Overall, a significant 56 per cent of respondents plan to retire between the ages of 55 and 65, aligning with standard retirement practices in India.
More than half (55 per cent) of respondents expect a monthly pension exceeding Rs 1 lakh. However, only 11 per cent believe their current investments are sufficient to meet these expectations, said the survey-report by Grant Thornton Bharat.
According to the findings, government-backed plans remain the most preferred option, with 39 per cent of participants favouring such schemes.
High-risk, high-return plans are particularly appealing to younger respondents, with 31 per cent of participants under 25 years expressing interest in these options. This finding suggests a growing appetite for risk among the younger demographic.
The government has replaced the National Pension Scheme (NPS) with the Unified Pension Scheme (UPS). The UPS guarantees government employees 50 per cent of their last drawn salary as a lifelong monthly pension, along with periodic dearness relief hikes and a minimum pension of Rs 10,000.
The government has also launched the NPS Vatsalya scheme, which aims to secure children’s financial future through a pension account.
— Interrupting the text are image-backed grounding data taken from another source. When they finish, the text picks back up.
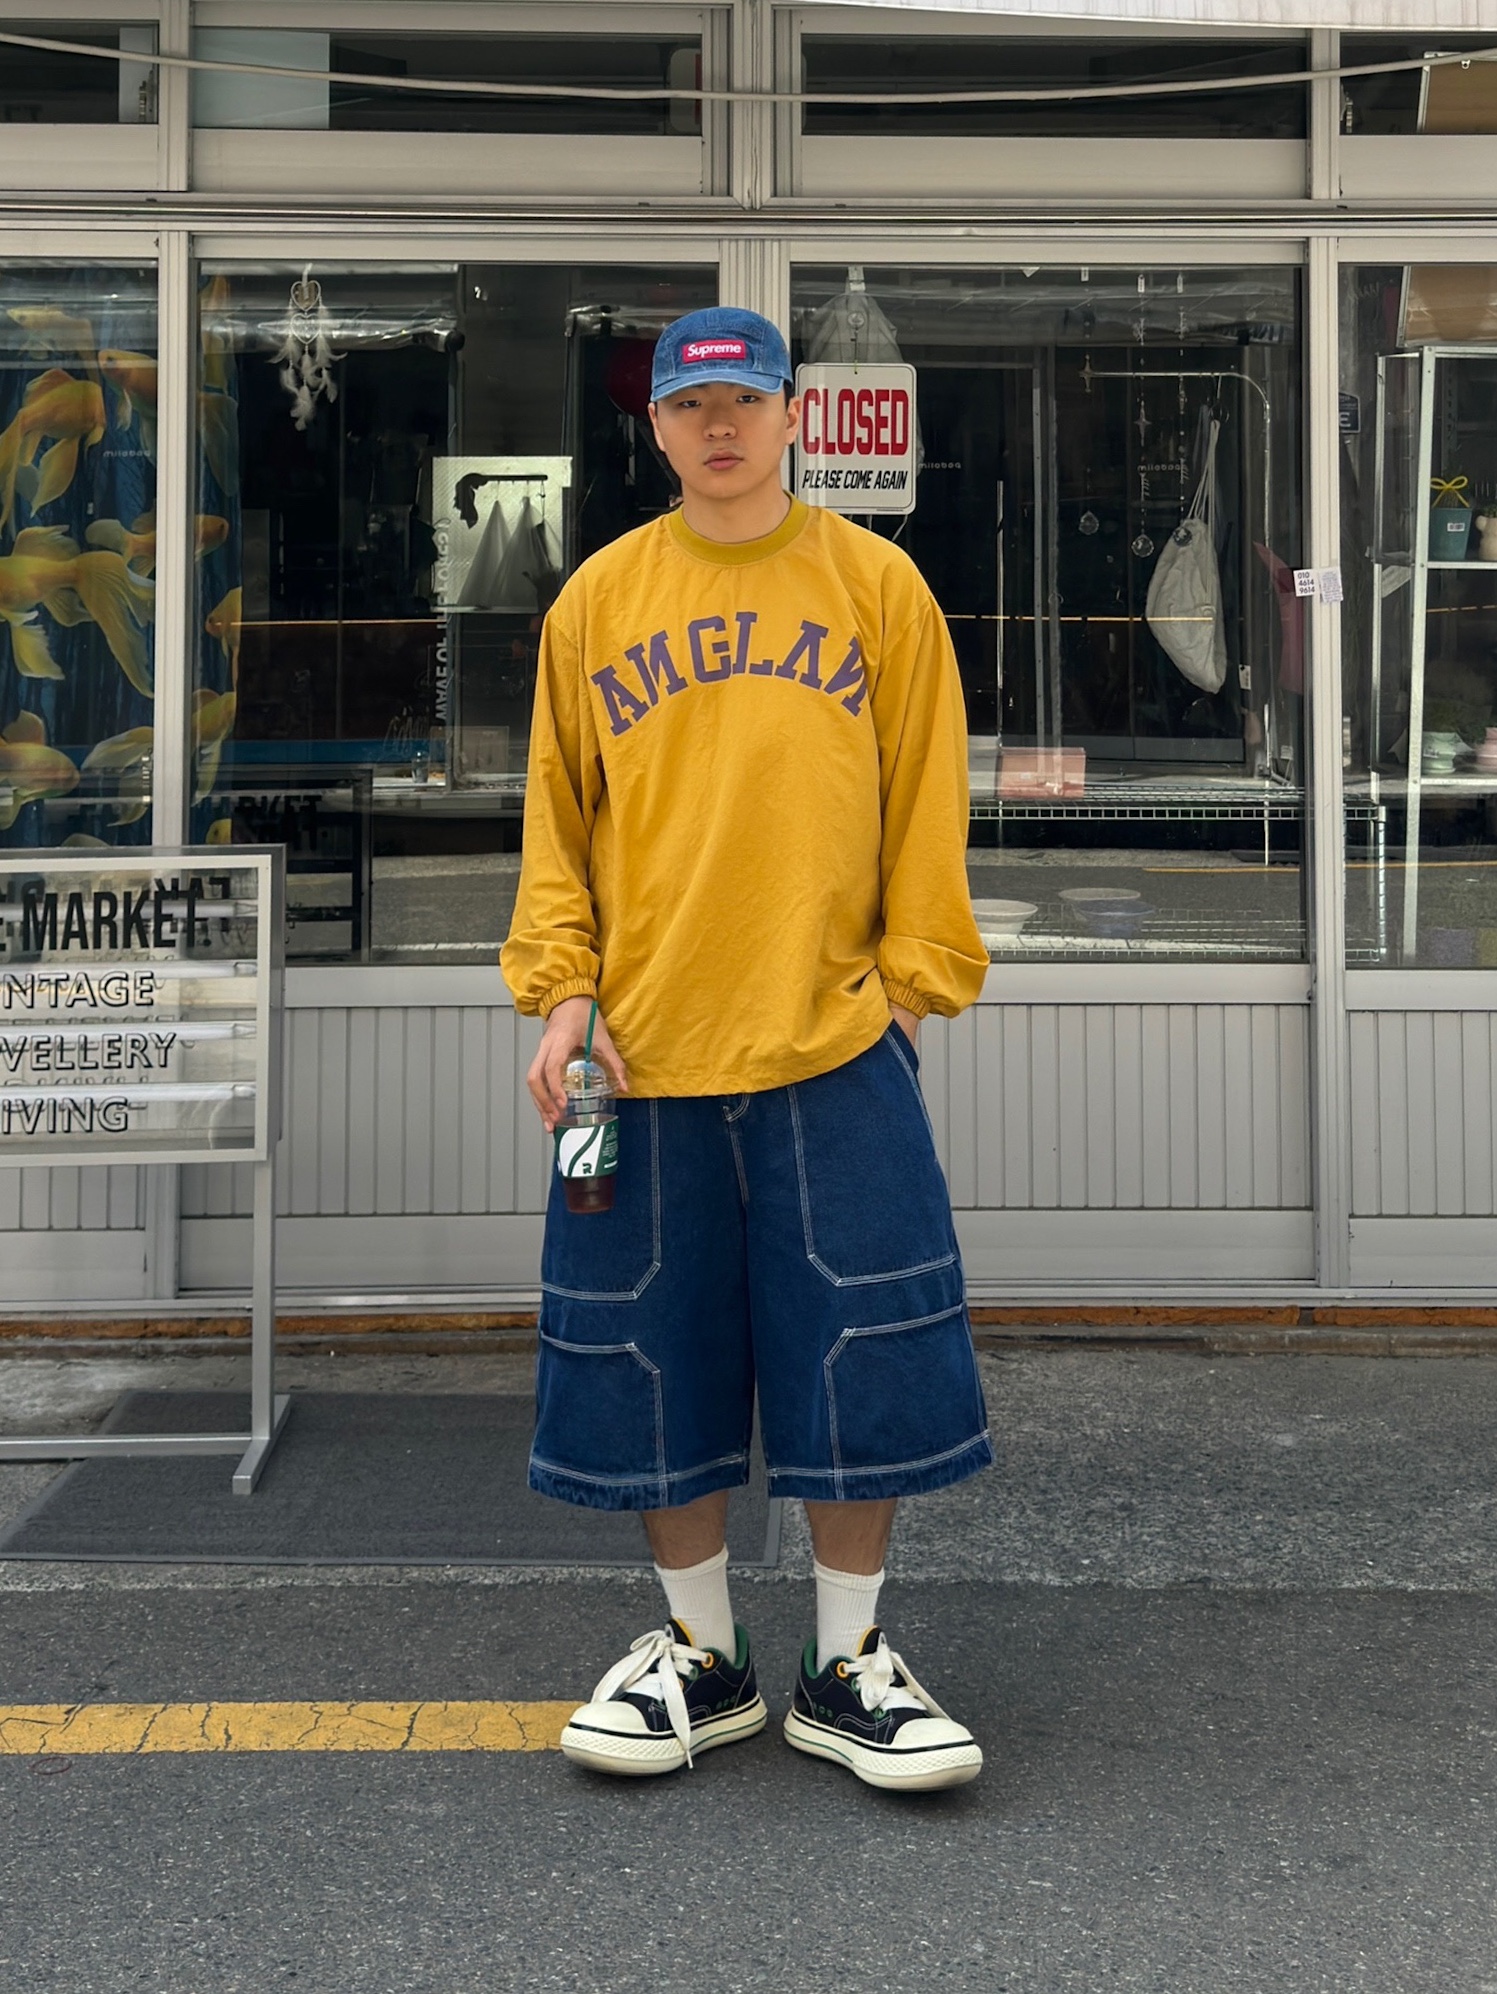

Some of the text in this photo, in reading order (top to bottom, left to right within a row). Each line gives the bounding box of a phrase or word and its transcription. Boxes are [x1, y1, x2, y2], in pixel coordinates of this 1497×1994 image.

[687, 344, 742, 358] Supreme
[802, 388, 909, 456] CLOSED
[802, 470, 909, 490] PLEASE COME AGAIN
[1297, 571, 1310, 579] 010
[3, 970, 154, 1009] NTAGE
[2, 1096, 129, 1135] IVING
The scheme allows minors to subscribe, with flexible contributions starting at Rs 1,000 annually. It includes an online platform for easy registration and is also available to NRIs.
“As our working population expands, the gap between expected retirement needs and actual savings behaviour is becoming increasingly evident. Bridging this gap requires a robust and inclusive pension ecosystem that aligns with the lifecycle needs of individuals while supporting macroeconomic objectives like capital formation and financial stability,” said Vivek Iyer, Partner and Financial Services Risk Leader, Grant Thornton Bharat.
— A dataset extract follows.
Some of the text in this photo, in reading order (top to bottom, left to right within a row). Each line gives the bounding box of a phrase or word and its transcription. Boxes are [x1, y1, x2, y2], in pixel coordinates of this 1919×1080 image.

Many people also feel their gratuity amounts are insufficient, and the low rate of annuity investments further emphasises the uncertainty surrounding guaranteed post-retirement income.
"As India becomes the 4th largest economy its essential for it to have a resolute pension system. The changing demographics which will see an increase in ageing population by 2050 will rely on pension for financial independence,” said Ramkumar S, Partner, Grant Thornton Bharat.